Zwycięża mnie szeptem skraplanym
Gorącą czar mgiełką na zmysłach osiada
Ogłusza ciepłem parnych wrażeń
O nas tworzącej jedność parze

Tli się popiół mych snów, zapach, wywar jej słów
Sprawia, że wierzę - w co zechce
Ulegam jej znów i znów

Zioła z dalekich języków
Kaldun'ą, i stregą, i l'Incantatracją
Dopraw słodkością żar - mów!
Podniecającą ogniskantacją
Ilość odsłon: 563

Komentarze

luty 25, 2021 11:31

Jest to tylko zarejestrowanie w słowach chwilowego odczucia, jakie na mnie spłyneło.

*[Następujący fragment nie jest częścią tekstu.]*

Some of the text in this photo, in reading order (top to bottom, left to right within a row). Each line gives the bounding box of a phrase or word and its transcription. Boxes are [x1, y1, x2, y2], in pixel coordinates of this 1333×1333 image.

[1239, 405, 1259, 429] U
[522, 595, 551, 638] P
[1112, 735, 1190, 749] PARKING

Nie neguje, że niektóre zdania są, jakie są, a mogłyby być inne ;) Nie ruszam tego, żeby nie popsuć. Widać, że tam jeszcze pracy nad tym potrzeba ale ta forma jest bardziej pierwotna i zostawiłem ją sobie, na pamiatkę tego, jakim pierwszym torem szły myśli :)

luty 21, 2021 21:30

Zwycięża mnie szeptem skraplanym

Gorącą czar mgiełką na zmysłach osiada - WTF?!
Ogłusza ciepłem parnych wrażeń

O nas tworzącej jedność parze - ten wers mnie fascynuje!

Tli się popiół mych snów, zapach, wywar jej słów
Sprawia, że wierzę - w co zechce
Ulegam jej znów i znów - takie trochę baudlerovskie bajanie, da ya tink so?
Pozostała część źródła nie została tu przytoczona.